▸ **ABOUT THIS EXERCISE**: Return the listing verbatim, images left out.

▸ **DATA SUPPLIED**:
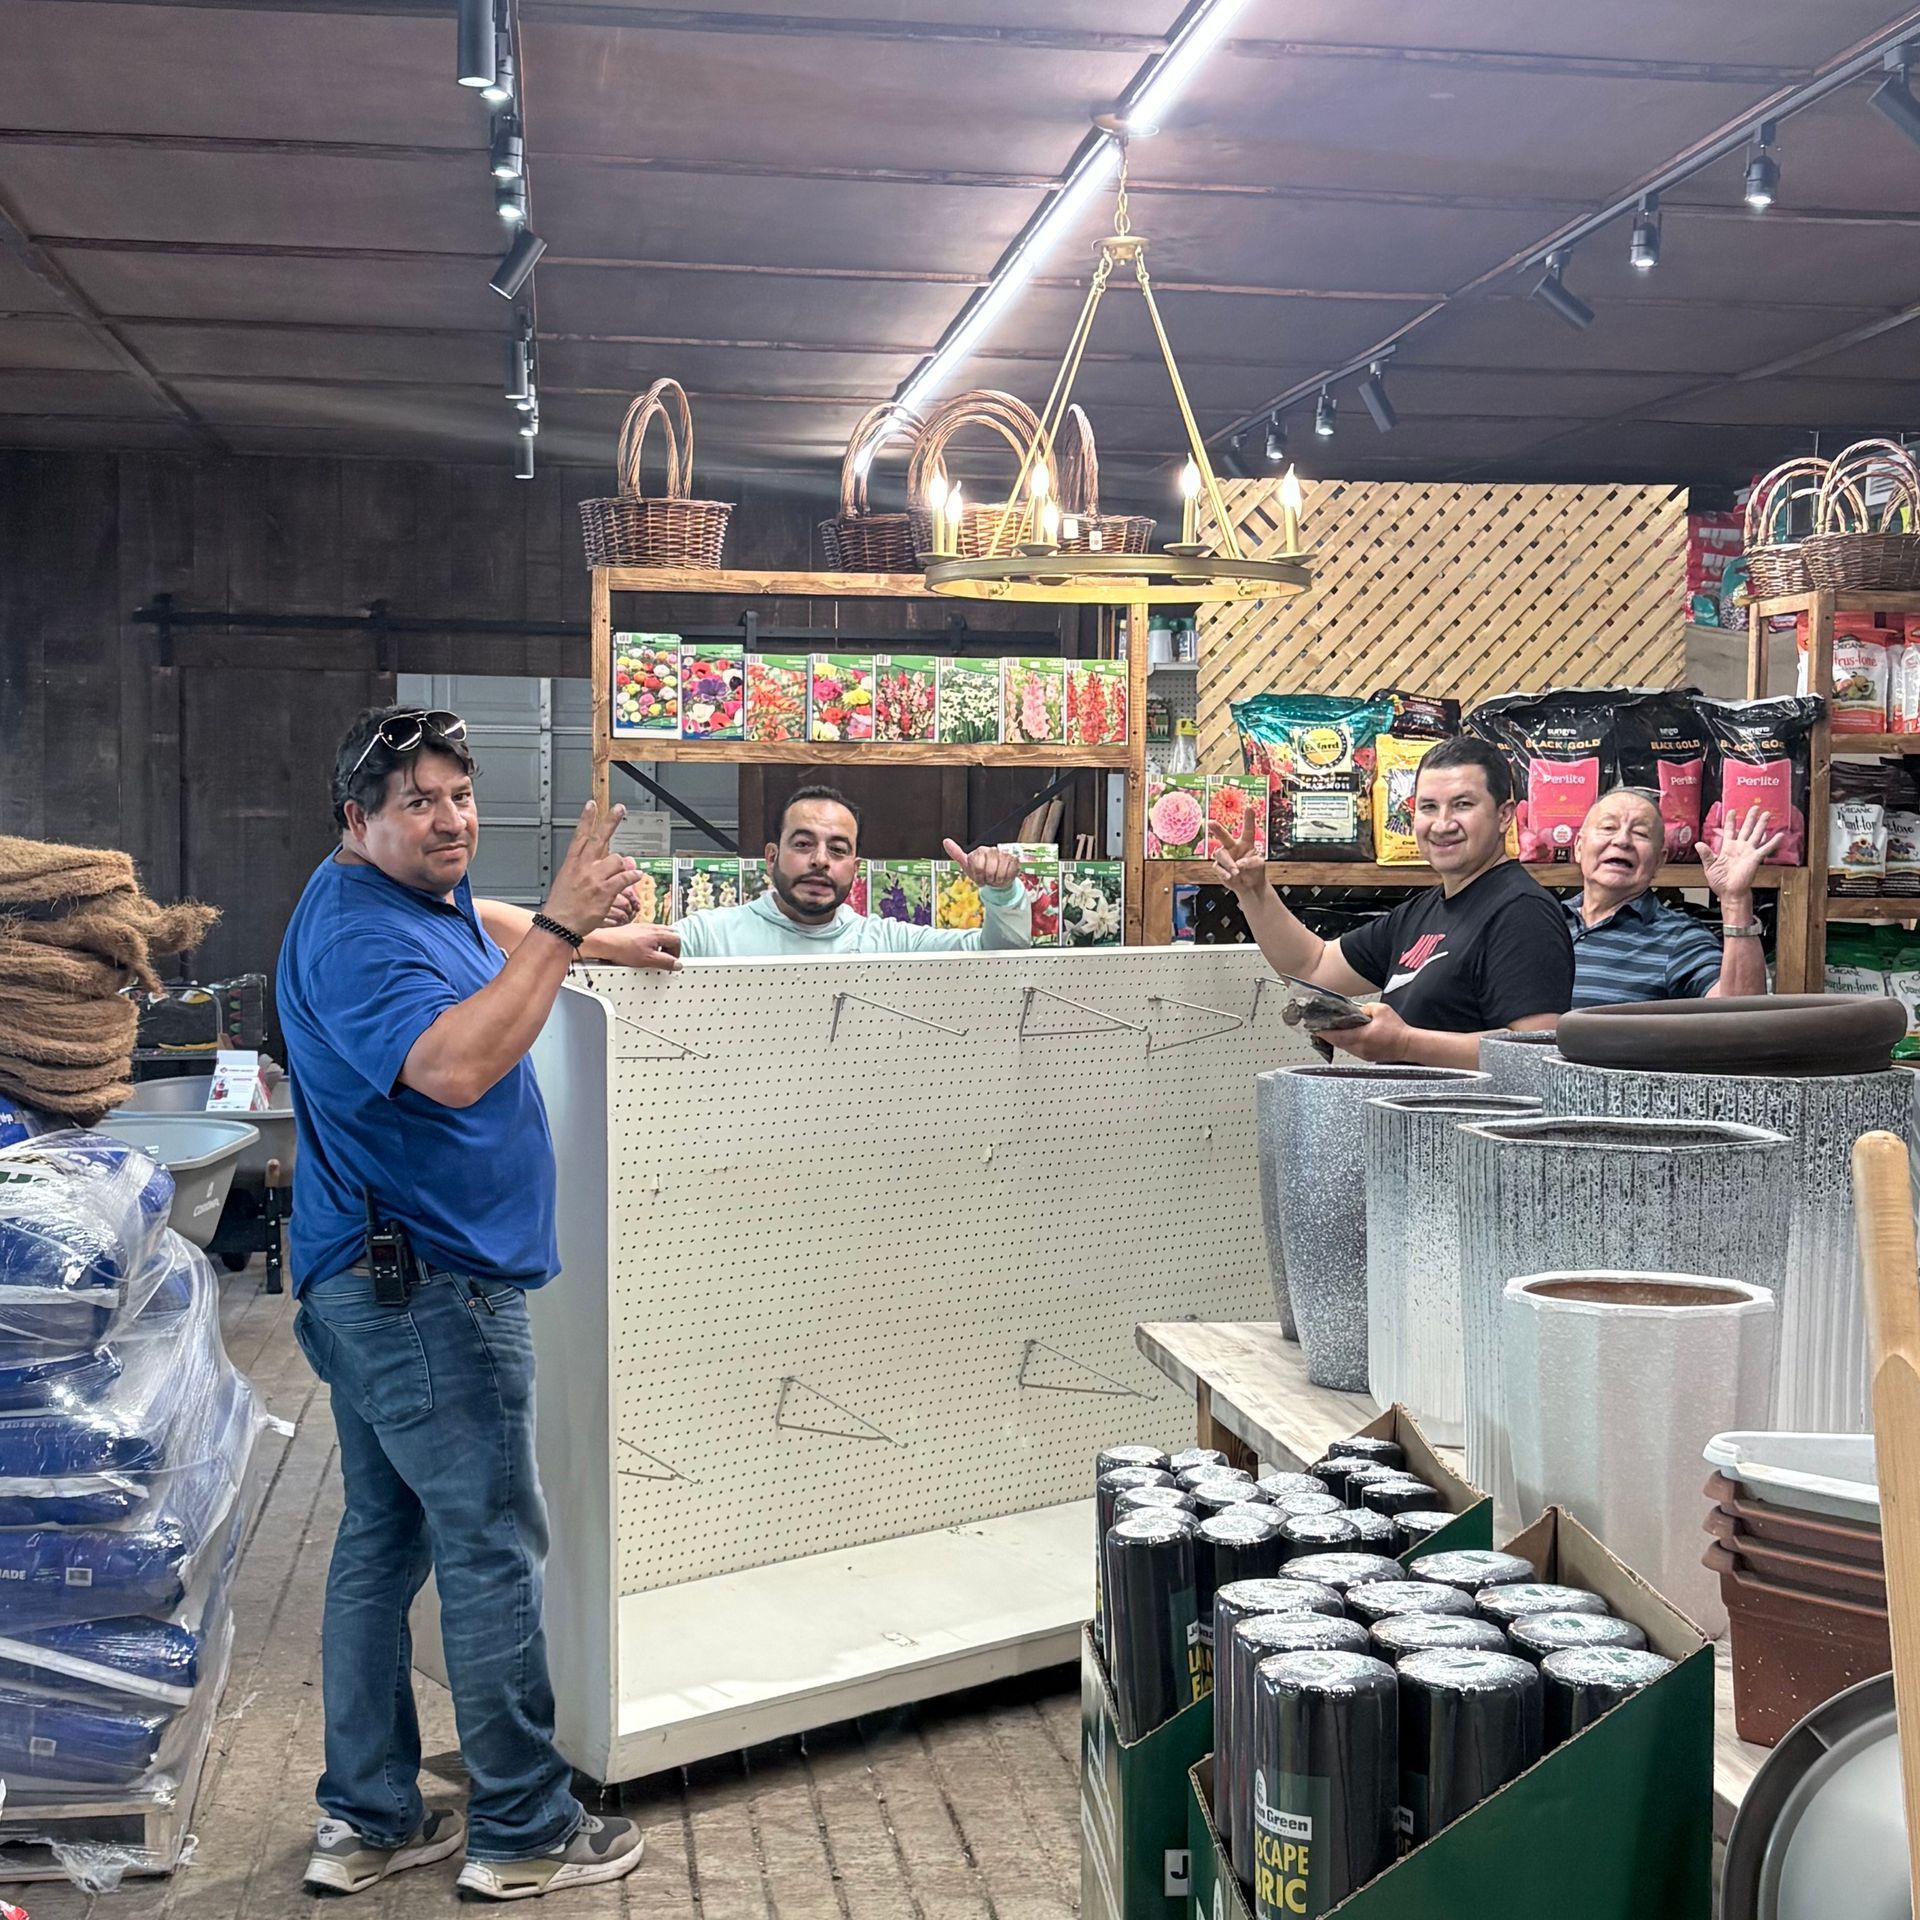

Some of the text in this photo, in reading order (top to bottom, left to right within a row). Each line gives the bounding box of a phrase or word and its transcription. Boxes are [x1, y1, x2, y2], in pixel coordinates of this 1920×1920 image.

[1833, 651, 1877, 667] trus-tone
[1525, 739, 1600, 750] BLACK GOLD
[1651, 739, 1700, 750] BLACK GOLD
[1720, 739, 1756, 752] BACK
[1542, 774, 1586, 785] Perlite
[1670, 776, 1698, 786] Perlite
[1736, 776, 1780, 786] Perlite
[0, 1569, 27, 1581] ADE
[1266, 1809, 1309, 1833] Green
[1257, 1830, 1309, 1876] SCAPE
[1256, 1862, 1307, 1914] BRIC

▸ **PROBLEM SOLUTION**:
Some of the text in this photo, in reading order (top to bottom, left to right within a row). Each line gives the bounding box of a phrase or word and its transcription. Boxes are [x1, y1, x2, y2], in pixel coordinates of this 1920×1920 image.

[1833, 651, 1877, 667] trus-tone
[1525, 739, 1600, 750] BLACK GOLD
[1651, 739, 1700, 750] BLACK GOLD
[1720, 739, 1756, 752] BACK
[1542, 774, 1586, 785] Perlite
[1670, 776, 1698, 786] Perlite
[1736, 776, 1780, 786] Perlite
[0, 1569, 27, 1581] ADE
[1266, 1809, 1309, 1833] Green
[1257, 1830, 1309, 1876] SCAPE
[1256, 1862, 1307, 1914] BRIC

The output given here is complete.